3D-STED Super-Resolution Microscopy Reveals Distinct Nanoscale Organization of the Hematopoietic Cell-Specific Lyn Substrate-1 (HS1) in Normal and Leukemic B Cells.

HS1, the hematopoietic homolog of cortactin, acts as a versatile actin-binding protein in leucocytes. After phosphorylation, it is involved in GTPase and integrin activation, and in BCR, TCR, and CXCR4 downstream signaling. In normal and leukemic B cells, HS1 is a central cytoskeletal interactor and its phosphorylation and expression are prognostic factors in chronic lymphocytic leukemia (CLL) patients.

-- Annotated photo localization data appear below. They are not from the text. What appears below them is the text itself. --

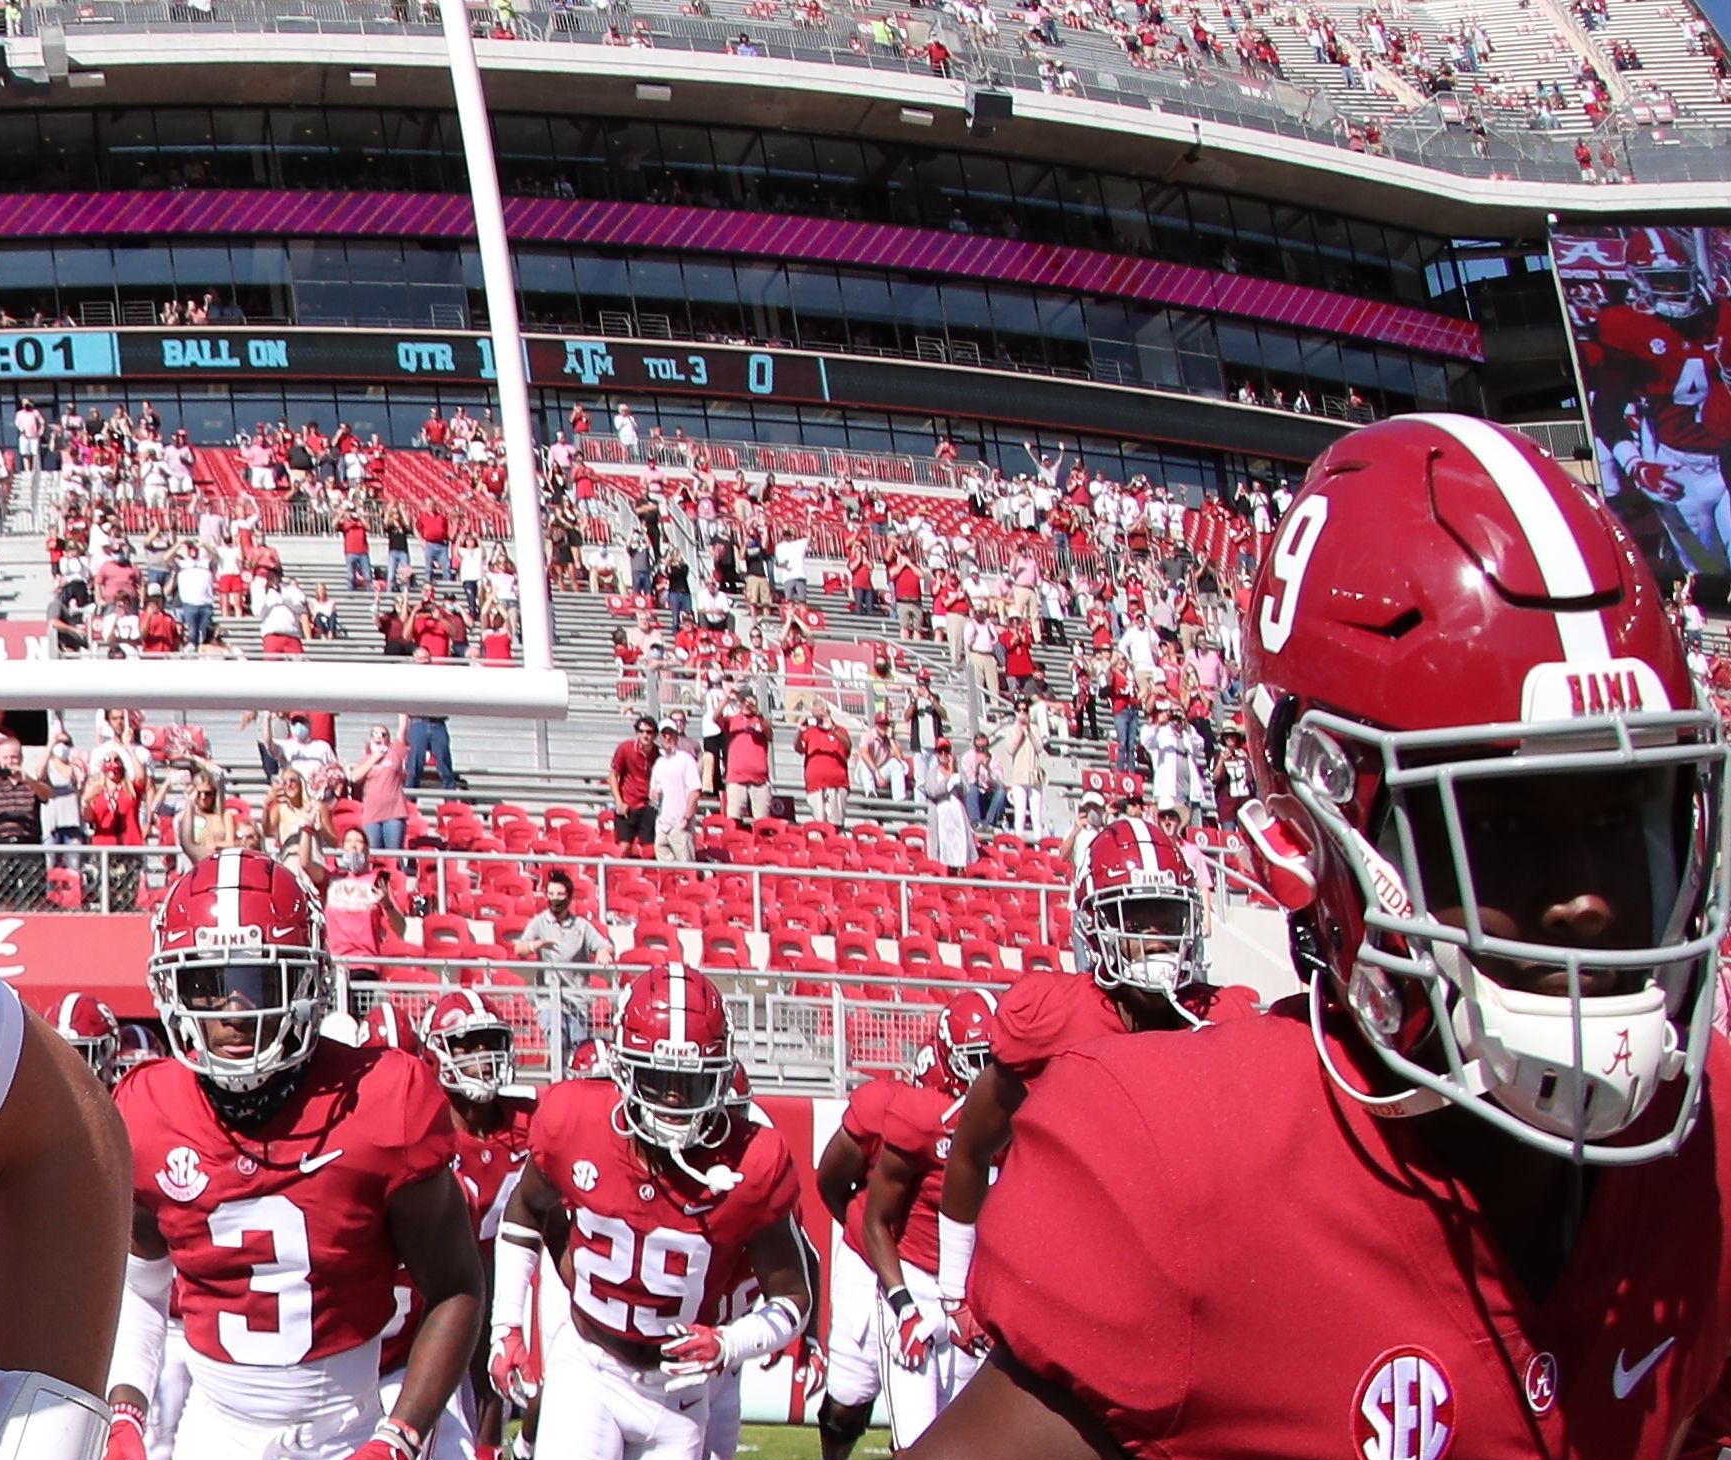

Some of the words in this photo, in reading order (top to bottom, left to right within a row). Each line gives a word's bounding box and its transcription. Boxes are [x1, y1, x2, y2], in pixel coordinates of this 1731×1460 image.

[162, 339, 240, 368] BALL
[248, 339, 290, 368] ON
[397, 341, 456, 372] QTR
[644, 357, 686, 381] TOL
[688, 356, 709, 385] 3
[748, 354, 774, 394] 0
[1673, 358, 1710, 423] 4
[1260, 495, 1328, 654] 9
[1565, 670, 1644, 718] BAMA
[212, 933, 245, 946] BAMA
[665, 1046, 689, 1056] BAMA
[166, 1146, 200, 1187] SEC
[207, 1194, 314, 1368] 3
[571, 1207, 712, 1337] 29

We here introduce for the first time a super-resolution imaging study based on single-cell 3D-STED microscopy optimized for revealing and comparing the nanoscale distribution of endogenous HS1 in healthy B and CLL primary cells. Our study reveals that the endogenous HS1 forms heterogeneous nanoclusters, similar to those of YFP-HS1 overexpressed in the leukemic MEC1 cell line. HS1 nanoclusters in healthy and leukemic B cells form bulky assemblies at the basal sides, suggesting the recruitment of HS1 for cell adhesion. This observation agrees with a phasor-FLIM-FRET and STED colocalization analyses of the endogenous MEC1-HS1, indicating an increased interaction with Vimentin at the cell adhesion sites. In CLL cells isolated from patients with poor prognosis, we observed a larger accumulation of HS1 at the basal region and a higher density of HS1 nanoclusters in the central regions of the cells if compared to good-prognosis CLL and healthy B cells, suggesting a different role for the protein in the cell types analyzed. Our 3D-STED approach lays the ground for revealing tiny differences of HS1 distribution, its functionally active forms, and colocalization with protein partners.